▼

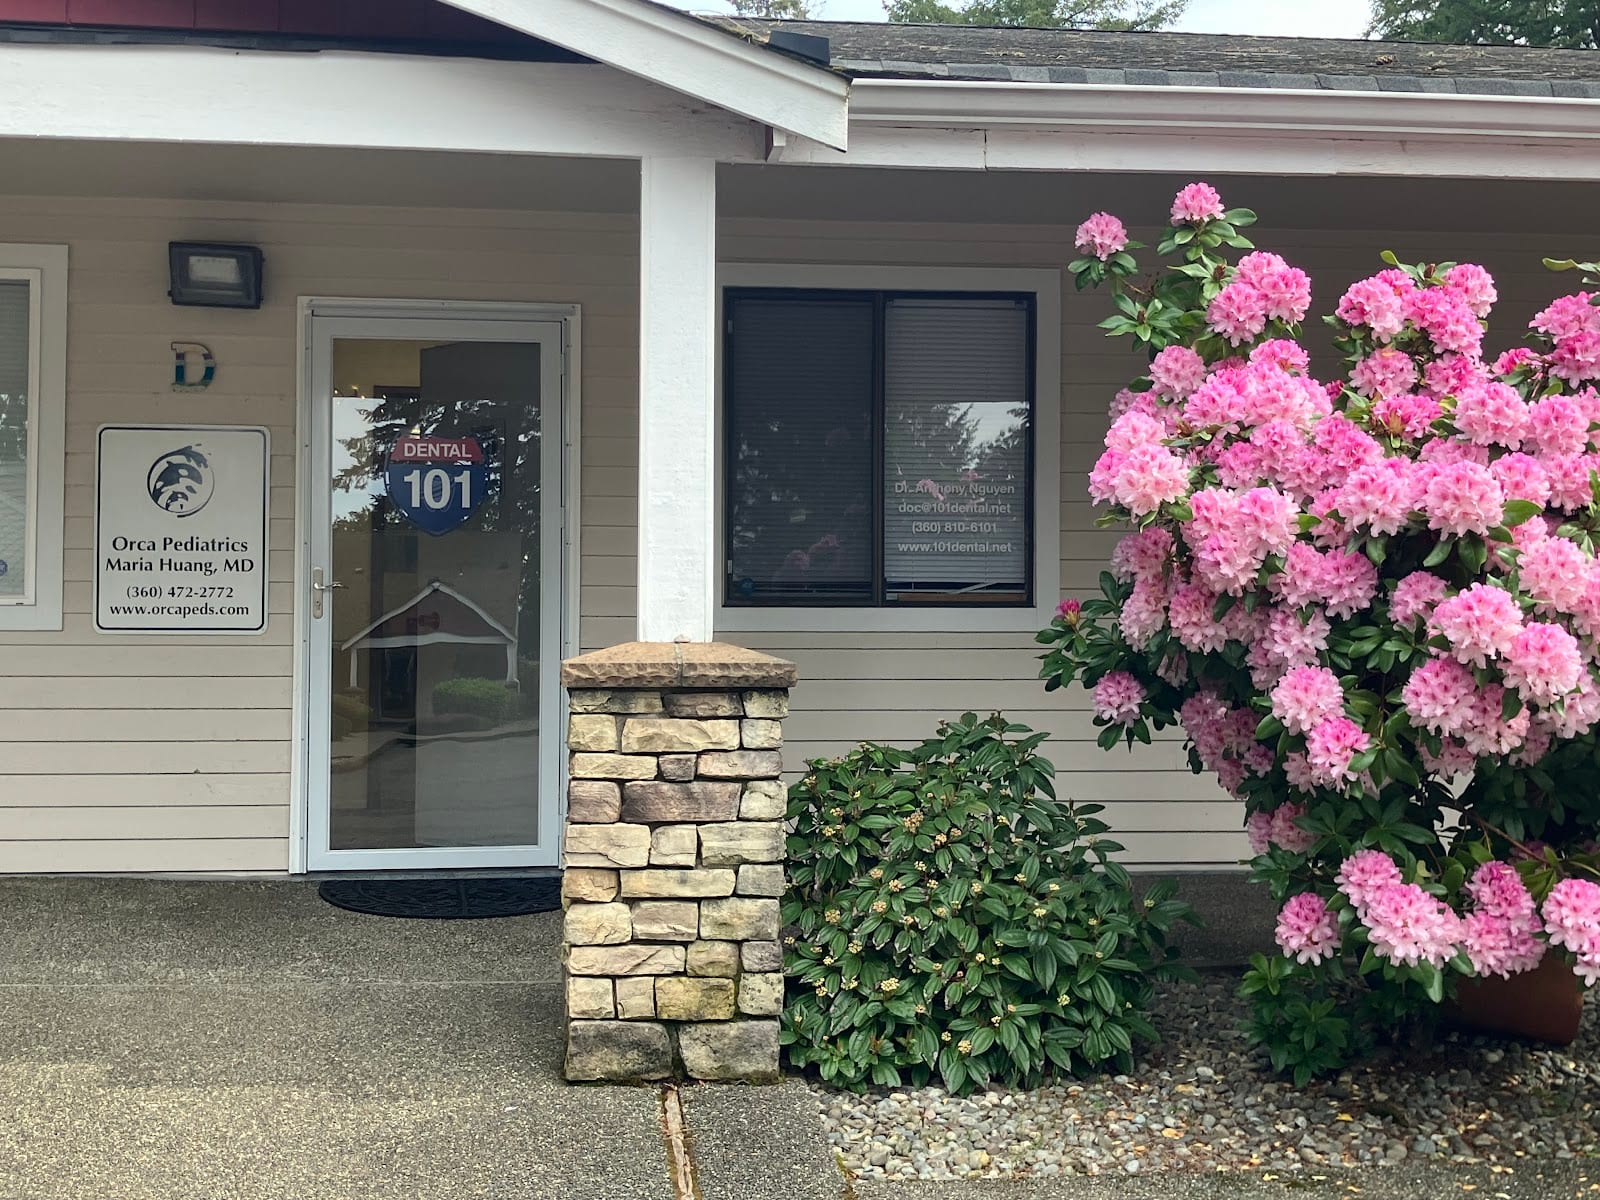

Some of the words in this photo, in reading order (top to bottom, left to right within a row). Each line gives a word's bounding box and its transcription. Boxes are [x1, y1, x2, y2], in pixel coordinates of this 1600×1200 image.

[171, 341, 216, 391] D
[403, 442, 472, 458] DENTAL
[403, 468, 471, 509] 101
[915, 482, 966, 496] Anhony
[969, 482, 1015, 496] Nguyen
[898, 501, 1011, 513] doc@101dental.net
[911, 520, 941, 534] (360)
[944, 521, 997, 533] 810-6101
[112, 536, 156, 552] Orca
[162, 535, 248, 552] Pediatrics
[897, 541, 1012, 553] www.101dental.net
[105, 557, 153, 572] Maria
[159, 558, 218, 577] Huang,
[223, 558, 254, 572] MD
[126, 585, 162, 599] (360)
[167, 586, 234, 598] 472-2772
[109, 602, 249, 618] www.orcapeds.com
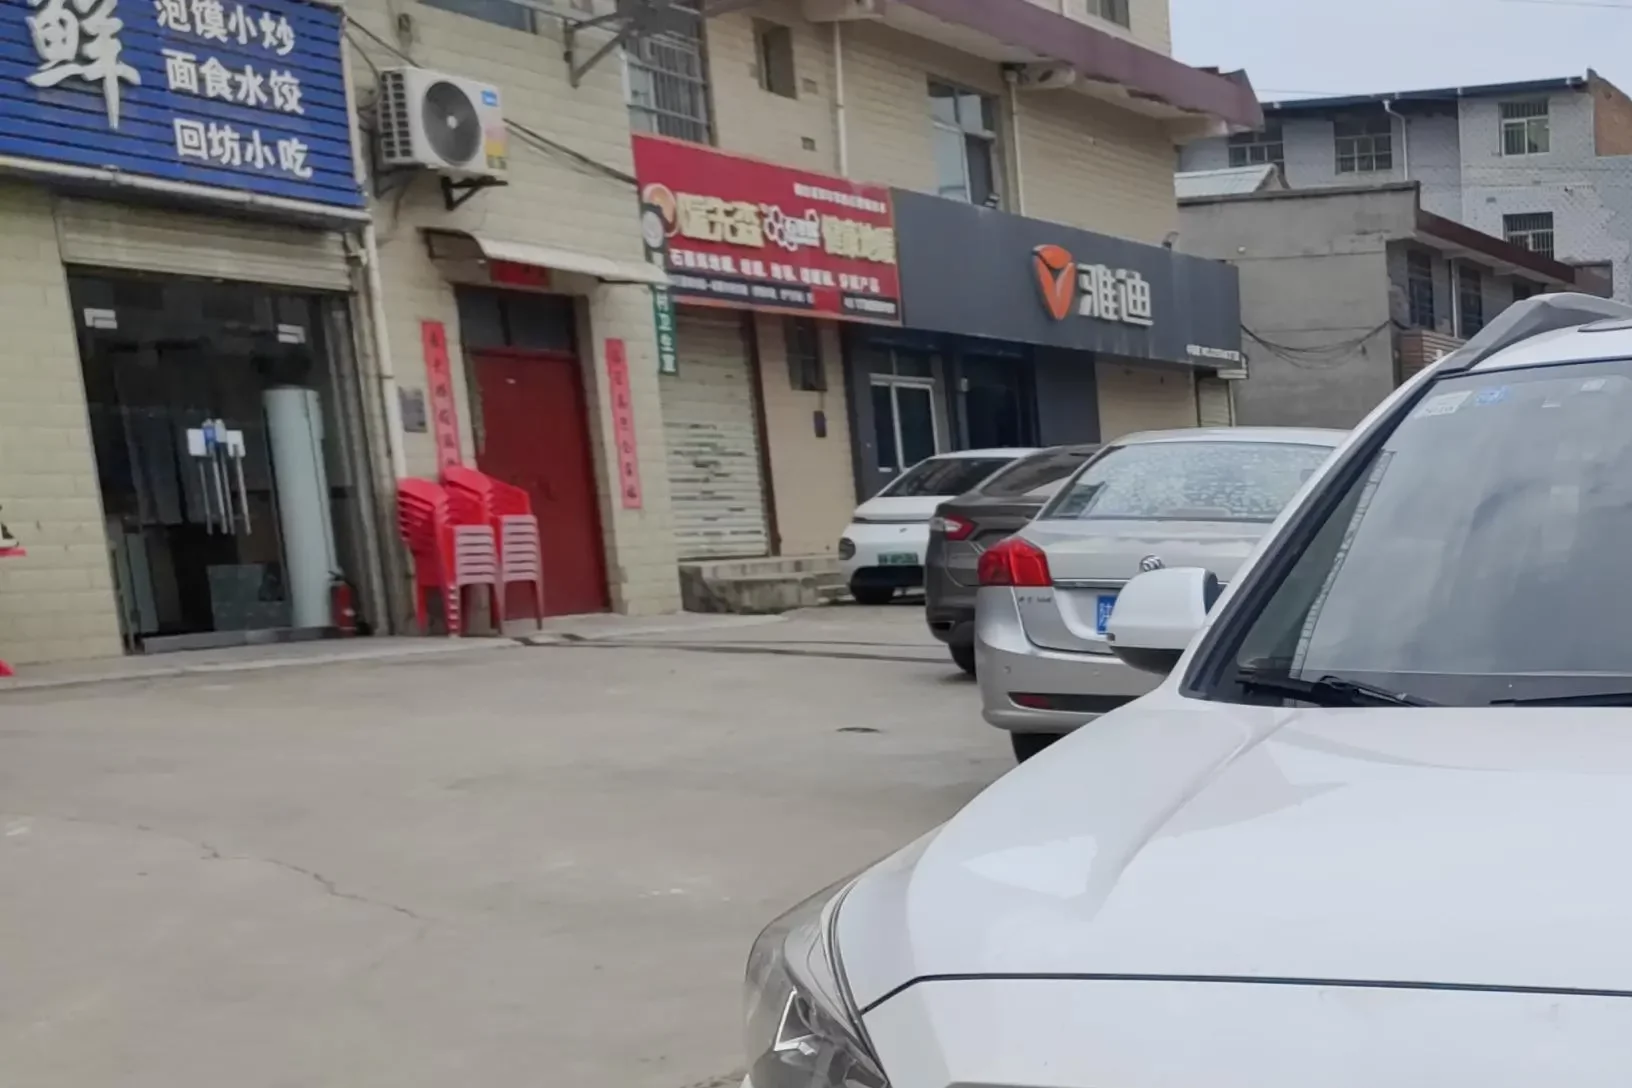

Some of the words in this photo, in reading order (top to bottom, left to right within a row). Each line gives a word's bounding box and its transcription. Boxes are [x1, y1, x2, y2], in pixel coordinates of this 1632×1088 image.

[153, 0, 296, 55] 泡馍小炒
[26, 0, 142, 130] 鲜
[161, 49, 305, 114] 面食水饺
[173, 118, 313, 178] 回坊小吃
[1077, 264, 1154, 326] 雅迪
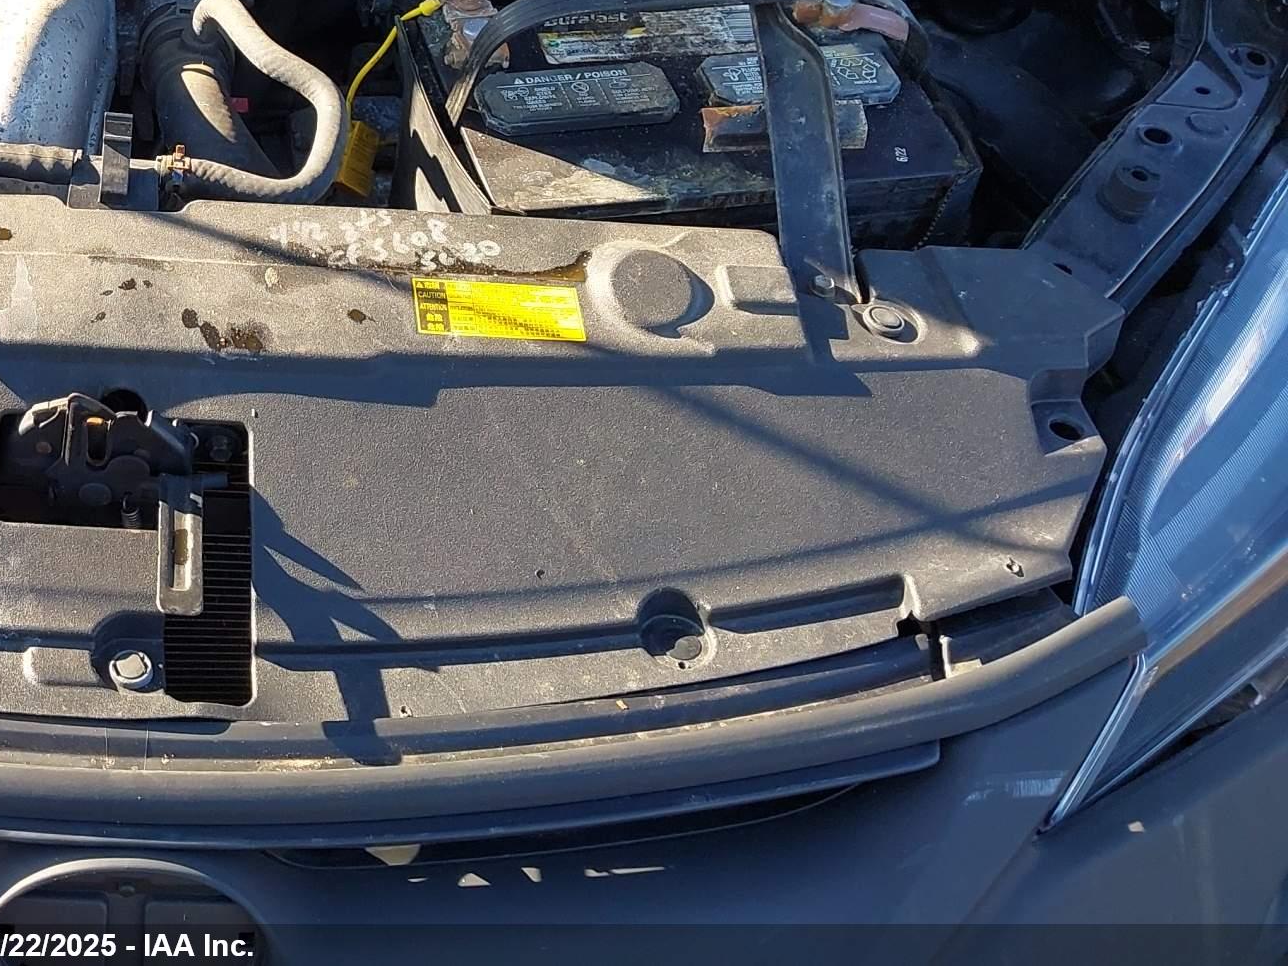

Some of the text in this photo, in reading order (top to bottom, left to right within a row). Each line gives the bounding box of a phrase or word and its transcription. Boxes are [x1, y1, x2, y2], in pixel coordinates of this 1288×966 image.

[525, 73, 573, 84] DANGER
[583, 68, 628, 79] POISON
[417, 290, 446, 299] CAUTION

▲

Your assignment: Reproduce the material word for word. Skip every picture it holds.

Response area:
Some of the words in this photo, in reading order (top to bottom, left to right within a row). Each line gives a word's bounding box and its transcription. Boxes are [x1, y1, x2, y2], in pixel coordinates of this 1600×1200 image.

[171, 341, 216, 391] D
[403, 442, 472, 458] DENTAL
[403, 468, 471, 509] 101
[915, 482, 966, 496] Anhony
[969, 482, 1015, 496] Nguyen
[898, 501, 1011, 513] doc@101dental.net
[911, 520, 941, 534] (360)
[944, 521, 997, 533] 810-6101
[112, 536, 156, 552] Orca
[162, 535, 248, 552] Pediatrics
[897, 541, 1012, 553] www.101dental.net
[105, 557, 153, 572] Maria
[159, 558, 218, 577] Huang,
[223, 558, 254, 572] MD
[126, 585, 162, 599] (360)
[167, 586, 234, 598] 472-2772
[109, 602, 249, 618] www.orcapeds.com

Some of the words in this photo, in reading order (top to bottom, left to right within a row). Each line gives a word's bounding box and its transcription. Boxes are [x1, y1, x2, y2], in pixel coordinates of this 1632×1088 image.

[153, 0, 296, 55] 泡馍小炒
[26, 0, 142, 130] 鲜
[161, 49, 305, 114] 面食水饺
[173, 118, 313, 178] 回坊小吃
[1077, 264, 1154, 326] 雅迪

Some of the text in this photo, in reading order (top to bottom, left to right within a row). Each line gives the bounding box of a phrase or word and its transcription. Boxes are [x1, y1, x2, y2], in pixel coordinates of this 1288×966 image.

[525, 73, 573, 84] DANGER
[583, 68, 628, 79] POISON
[417, 290, 446, 299] CAUTION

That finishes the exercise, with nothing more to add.